I absolutely love meeting people. I love any reason to get to know someone, what makes them happy, how meeting them will affect my life in a number of ways. Especially, as a single outgoing straight lady person…men. When I lived in Los Angeles, one of my favorite weekend activities during the summer was buying a bunch of bacon, cruising down to boardwalk beach front properties, checking out who was having a sizable party and walking right into the kitchen to start frying up some bacon. I would like to emphasize that I did not know any of these people. House owners, hosts, guests, etc. But no one really keeps track at these things…it’s like wedding crashing. But with pork products and everyone’s in swim suits. I wouldn’t even bring my own pan…just sift through the logical spots and I was never at a loss. And let me tell you…the second the smell of bacon hits that house and outside patio, at some point or another every single person will wander into the kitchen and ask what’s going on. 75% of them were hot, single surfer guys who stuck around long enough to get my number (in a category of four male archetypes that will be discussed in a future post). I owe much of my LA dating life to that fantastically intelligent and tasty farm animal. I’ve heard they are smarter than dogs…they certainly could give them competition in the matchmaking department.

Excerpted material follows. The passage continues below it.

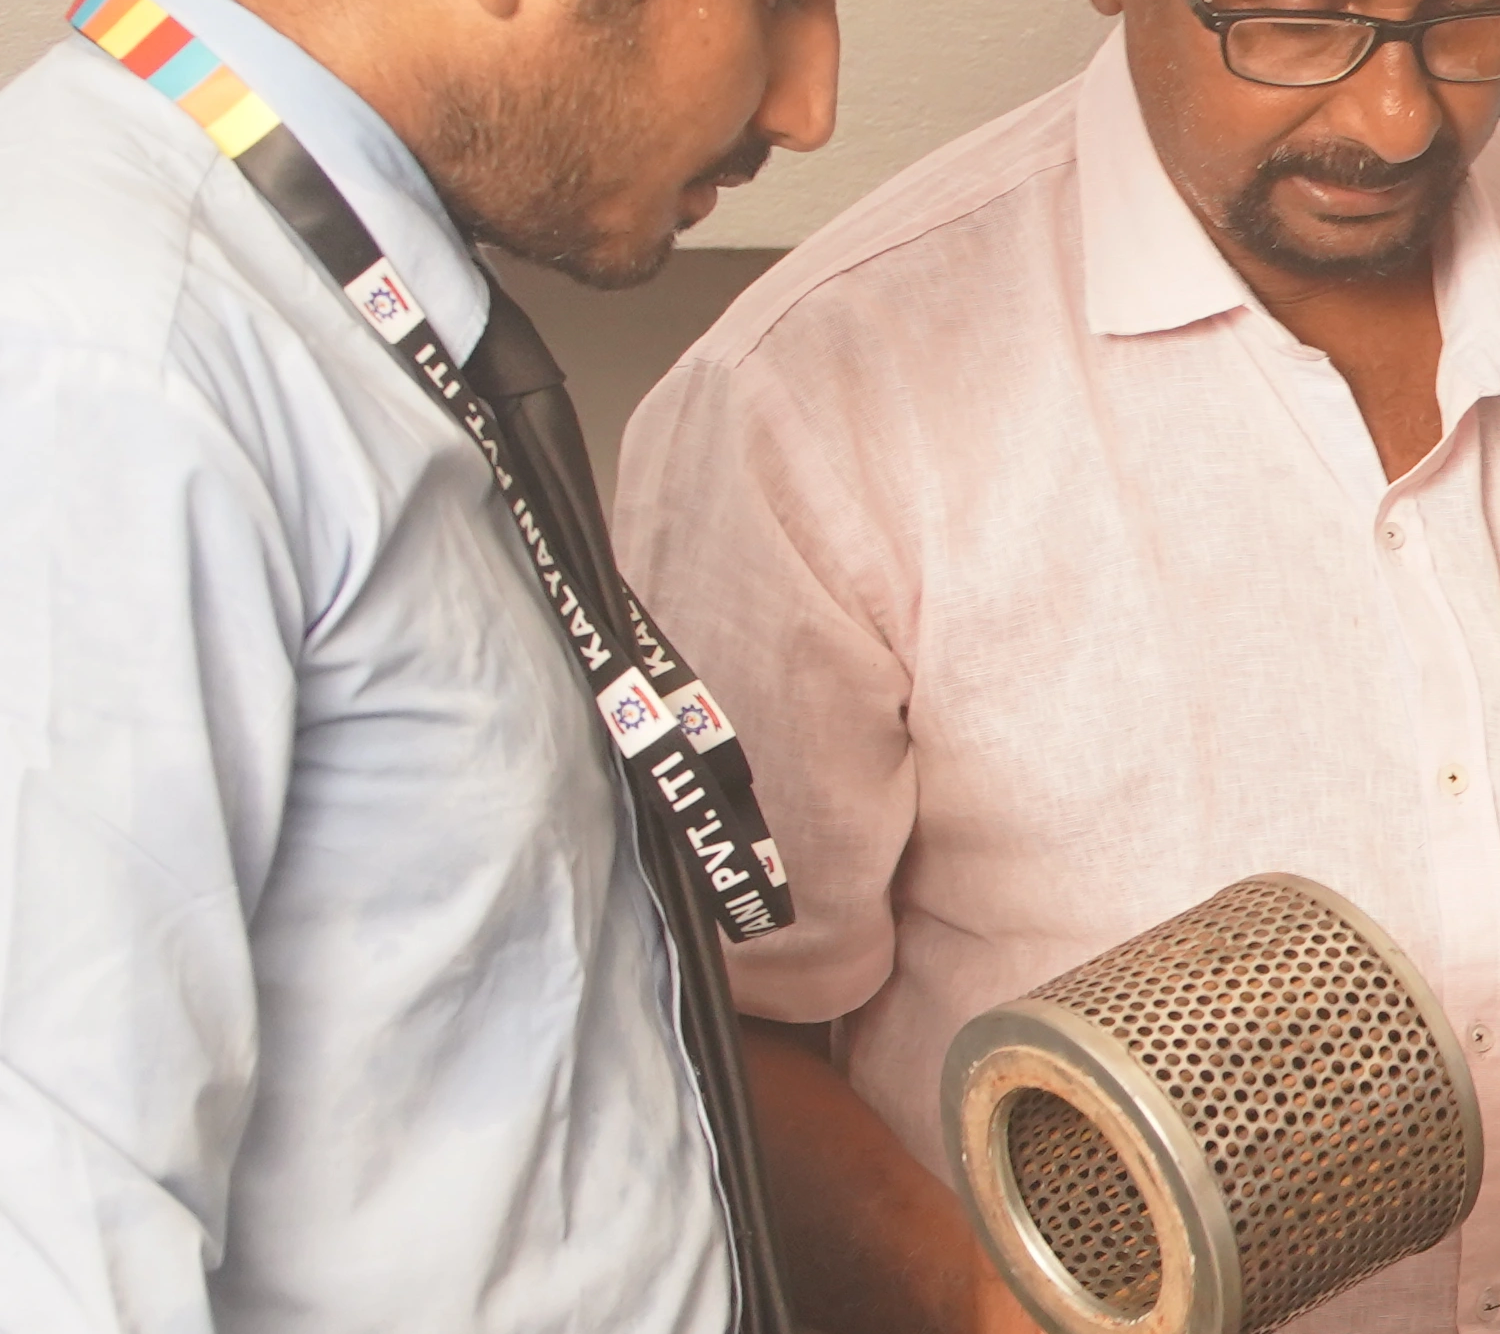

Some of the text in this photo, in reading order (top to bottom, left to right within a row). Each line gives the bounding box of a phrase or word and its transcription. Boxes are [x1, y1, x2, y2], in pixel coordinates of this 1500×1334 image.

Which brings me back to Memobottle. This is also the new puppy. I cannot go anywhere without getting asked a bunch of questions about it (NO, it’s not a flask and NO it’s not vodka. Definitely the most common inquiries.) Airports, bars, libraries, swimming pools…if they’re not asking questions, they’re staring at it. I leave mine at home, if for some reason (extremely rare), I’m in a non-conversational mood. But by far the most attention it gets is at the gym. I cannot get through one workout without at least three dudes making comments about it. I always say nice things…I’m dying to sample the full line of Memo-ness so I can say nice things about the other loot too.
As aforementioned, it’s completely original and sleek design will garner a TON of attention and conversation. For me, that’s a plus. Being that it’s BPA-Free (Bisphenol-A, an estrogen-imitating chemical), and it saves landfill space, it’s an environmental win as well. It fits SO easily in bags, backpacks, laptop totes and purses, you wonder how no one thought to do this before. I’ve gotten so many of my yoga students to buy one, I really should be inducted into some sort of loyalty program.

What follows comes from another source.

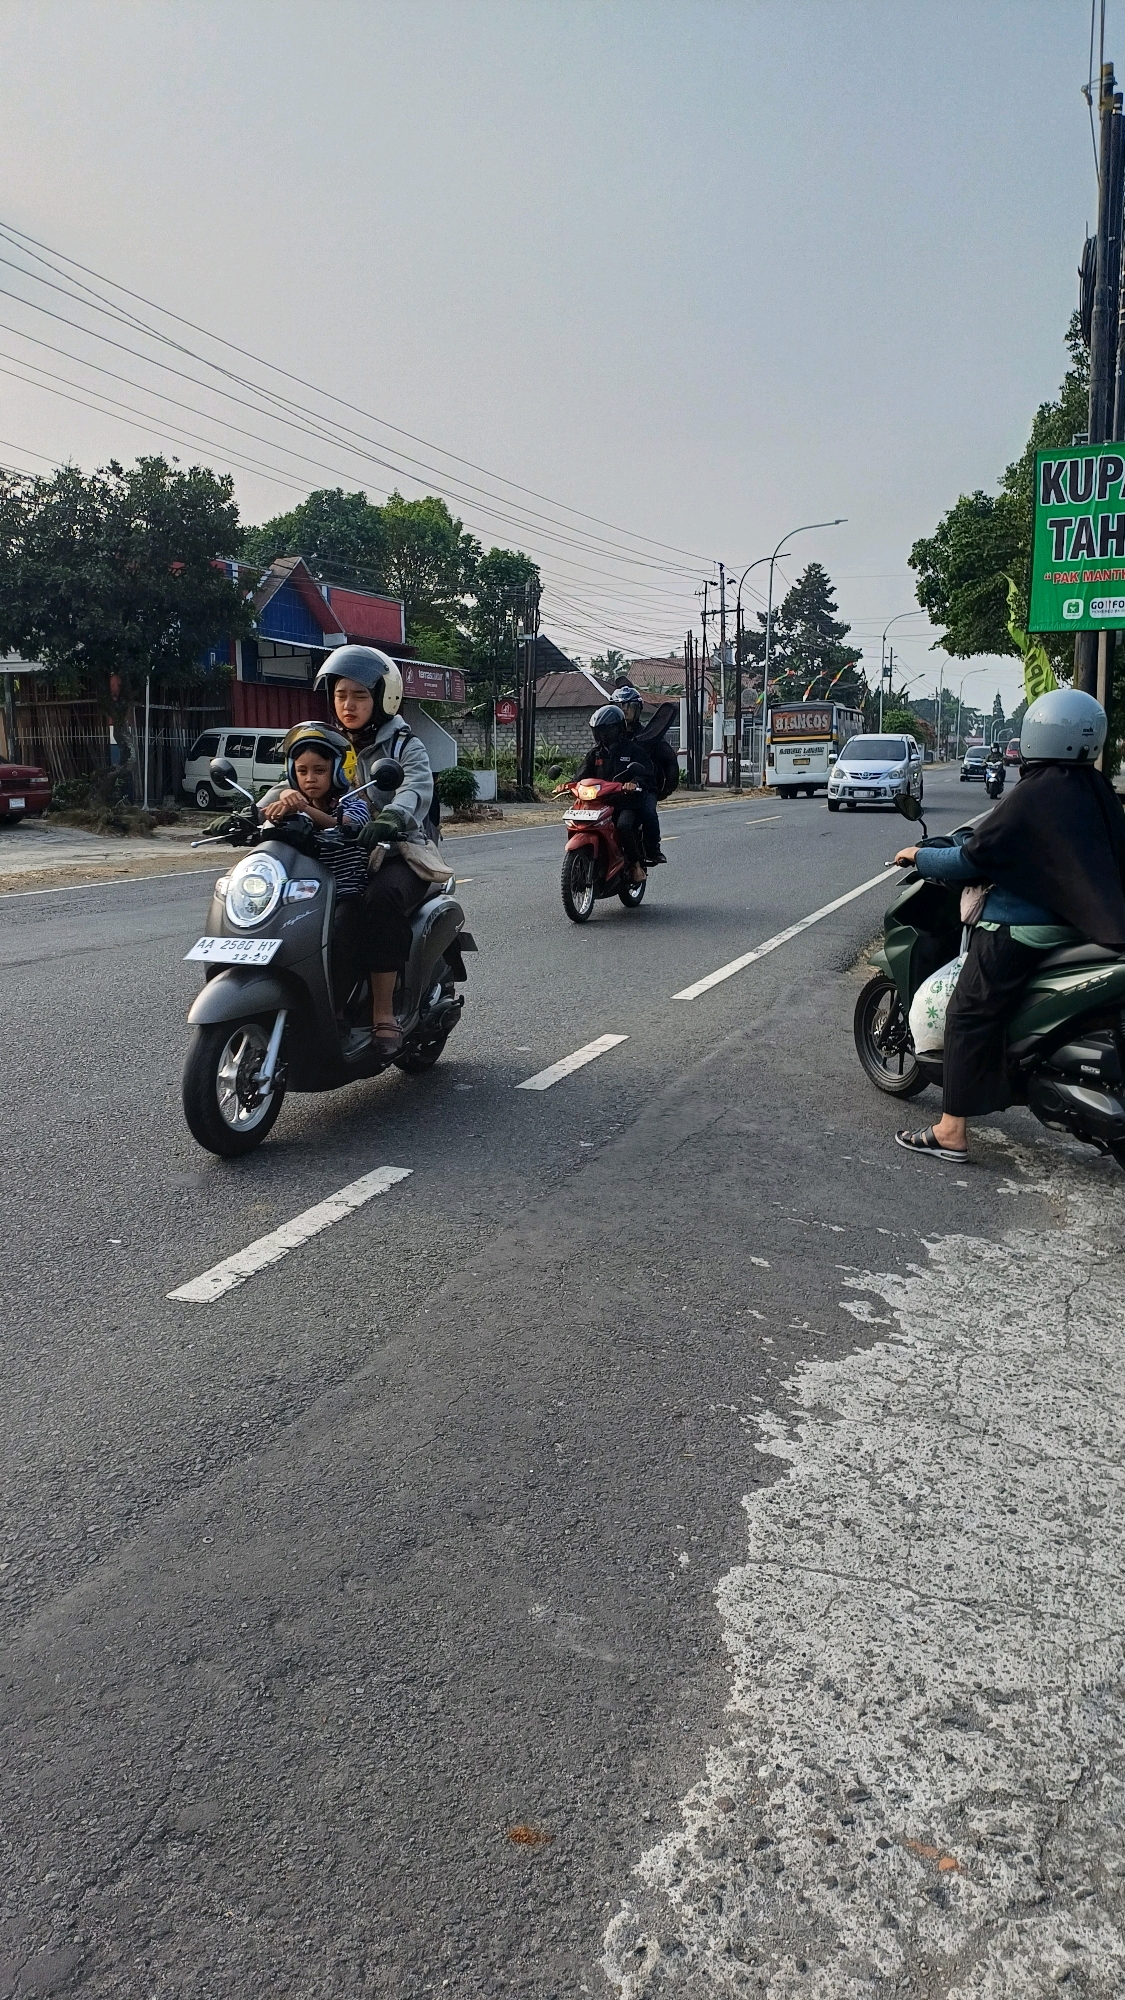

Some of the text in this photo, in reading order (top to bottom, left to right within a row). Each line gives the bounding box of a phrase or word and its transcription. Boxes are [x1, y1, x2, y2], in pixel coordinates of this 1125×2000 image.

[1040, 454, 1125, 506] KUP
[197, 939, 215, 949] AA
[257, 941, 277, 952] HY

On the negative side, after a few months, the blue rubber stopper in the cap of the bottle gets loose. If you don’t notice, or forget to push it back up, the bottle will leak all over the contents of your blogging journal that you wrote in purple pen, leaving you with a soggy spiral bound mess that you have to decode if you are to get any content online in a reasonable amount of time. Or whatever. I don’t know your life. I’ve also lost a bottle (my fault) and ordered another one as quickly as possible. It may have been a fake Memobottle, as it split down the middle of the plastic. I emailed customer service and they were kind enough to send another bottle with a forty percent discount. So, I was definitely pleased with the way that problem was handled.
Final word? Buy it. I’d give it an A-…if they can fix the stopper problem, so I don’t have to keep repositioning it, I’m willing to ditch the minus. You’re doing the environment a favor, you’ll meet new people and look cool doing it. And you won’t even have to crash someone’s party with meat products to accomplish all that.